Siri is getting an assistant, sort of. Apple acquired artificial intelligence (AI) startup Voysis to improve its natural language technology, according to a Bloomberg report on Friday (April 3). Headquartered in Dublin, Voysis has been concentrating its efforts on enhancing digital assistants that are integrated with shopping apps.

Facebook’s Marketplace Facing EU Antitrust Scrutiny

The European Union is targeting Facebook’s Marketplace in the next leg of its antitrust investigation. Investigators are asking the social media giant’s competitors to fill out a 14-page survey focused on Facebook’s impact on rival classified ads businesses.

Visa Foundation Pledges $210M For COVID-19-Stricken Businesses

The Visa Foundation announced that it is pledging $210 million to fund two different programs that will support small and micro enterprises that have been financially disrupted due to the coronavirus pandemic. Money from the Visa Foundation will offer capital to non-government organizations and investment partners that assist small and micro-businesses.

New Data: Why COVID-19 Will Be The Connected Economy’s Inflection Point

In the last 22 days, Americans have shifted, en masse, from living in a digital-often world to one that is largely digital-only — and PYMNTS’ third study of more than 2,000 U.S. consumers during the course of the global pandemic offers compelling new data as proof, including a tripling in the number of consumers who buy groceries online. Karen Webster said the COVID-19 crisis has resulted in a quantum jump in the connected economy, and faster growth. The tragedy is that many traditional physical businesses appear to have lost the possibility of a soft landing, or of gradually transitioning themselves to this digital-only world. Here’s the data and the details.

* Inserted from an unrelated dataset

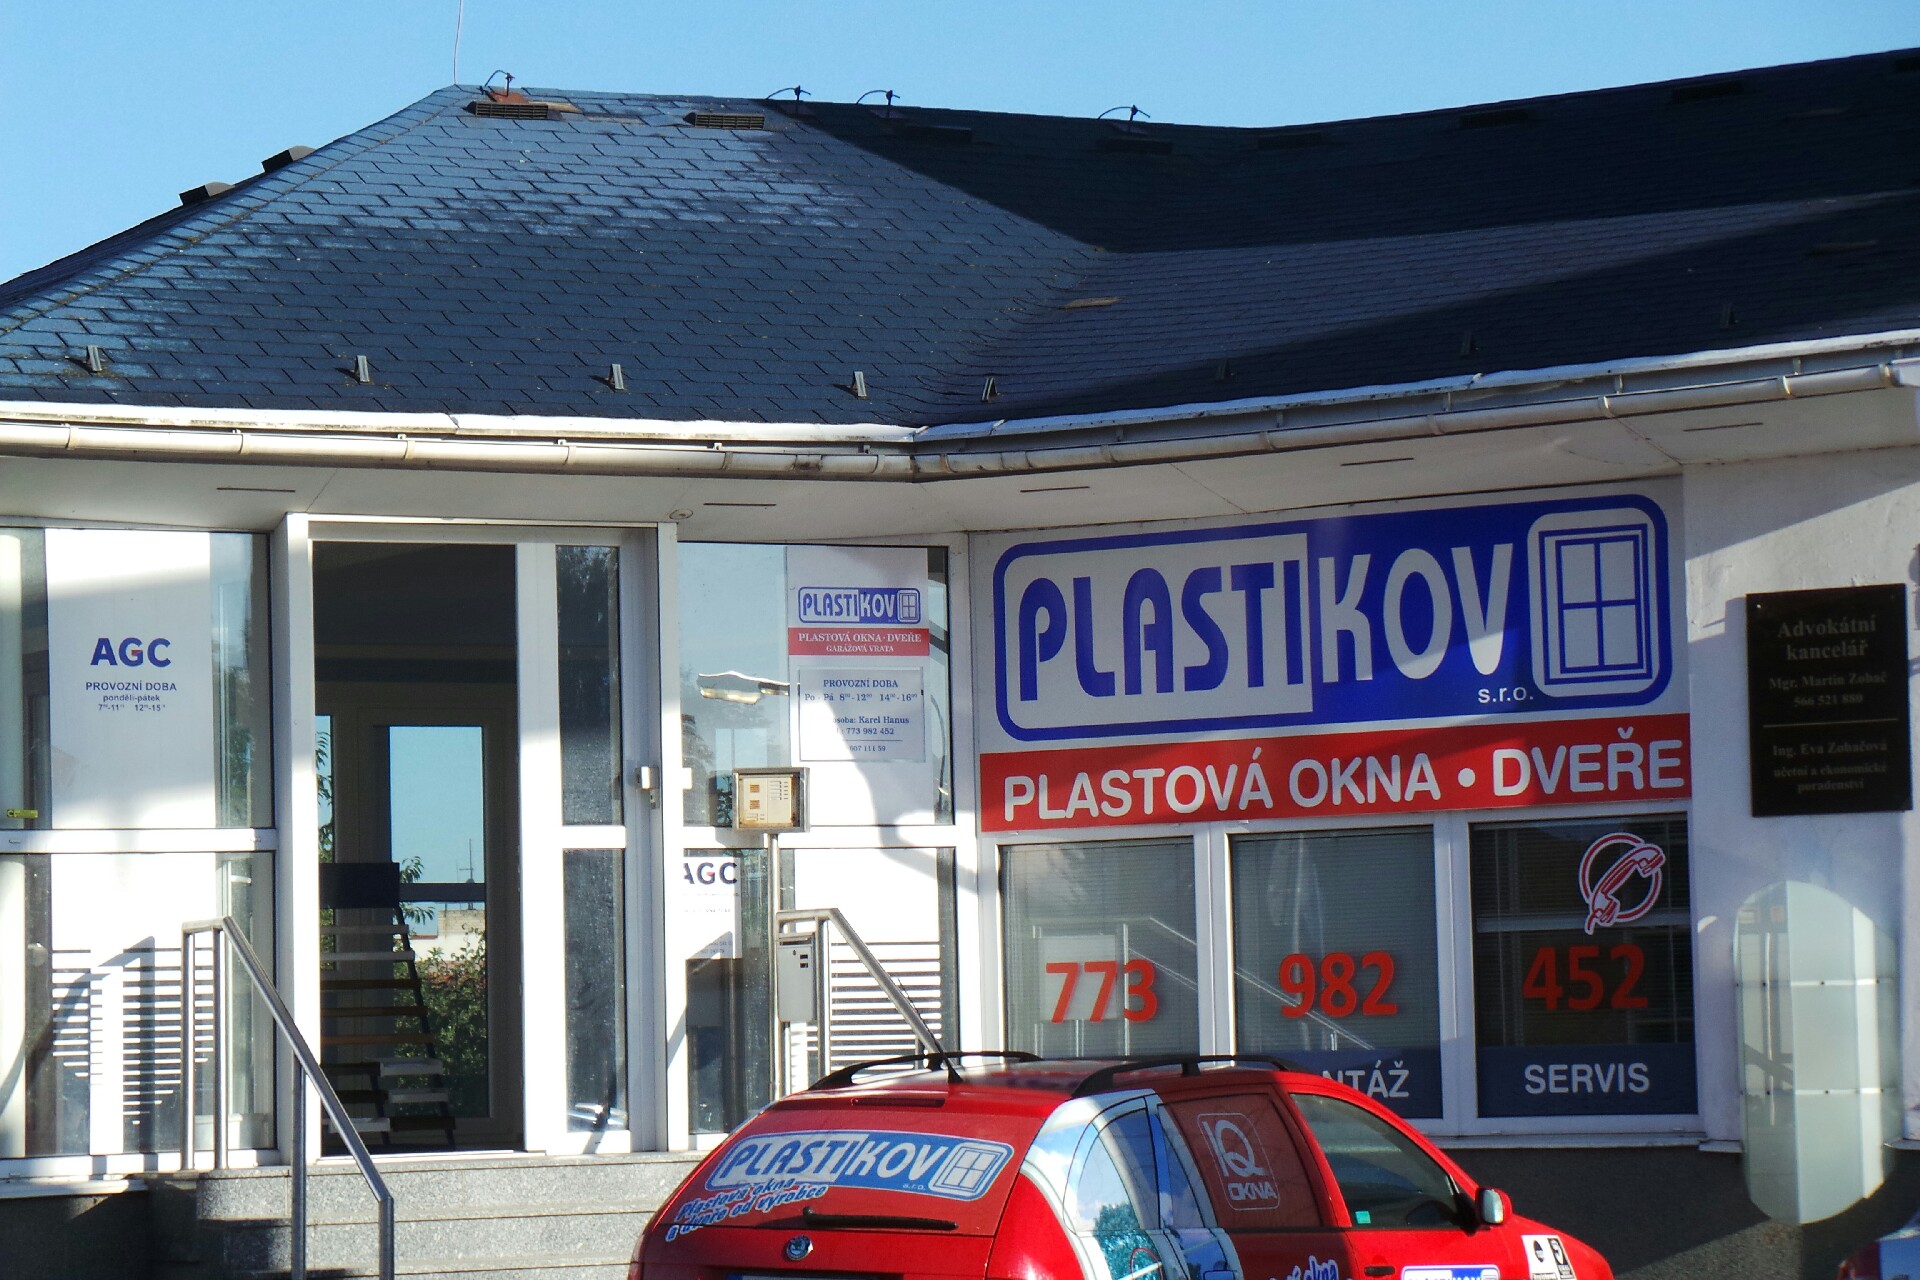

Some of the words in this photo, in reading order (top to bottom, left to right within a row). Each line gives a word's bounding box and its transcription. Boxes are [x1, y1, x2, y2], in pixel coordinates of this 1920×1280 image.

New Data: 95 Pct. Of Consumers Don’t Use Mobile Wallets For In-Store Purchases

On the rare occasions when consumers venture out to shop for necessities amid the COVID-19 pandemic, they naturally seek to limit physical transactions as much as possible. Yet, according to PYMNTS’ Mobile Wallet Adoption 2020 report, of 3,230 consumers who shopped in a physical store in early March, just 5 percent of in-store shoppers are using their mobile phones to pay at the register. Here’s why.

As SMBs Scramble For Loans, Bigger Firms Eye Piece Of The $349B PPP Pie

Larger firms are seemingly muscling into the federal loan program designed to help small businesses through the coronavirus crisis, which may squeeze some of the smallest firms that need capital now from getting lifelines.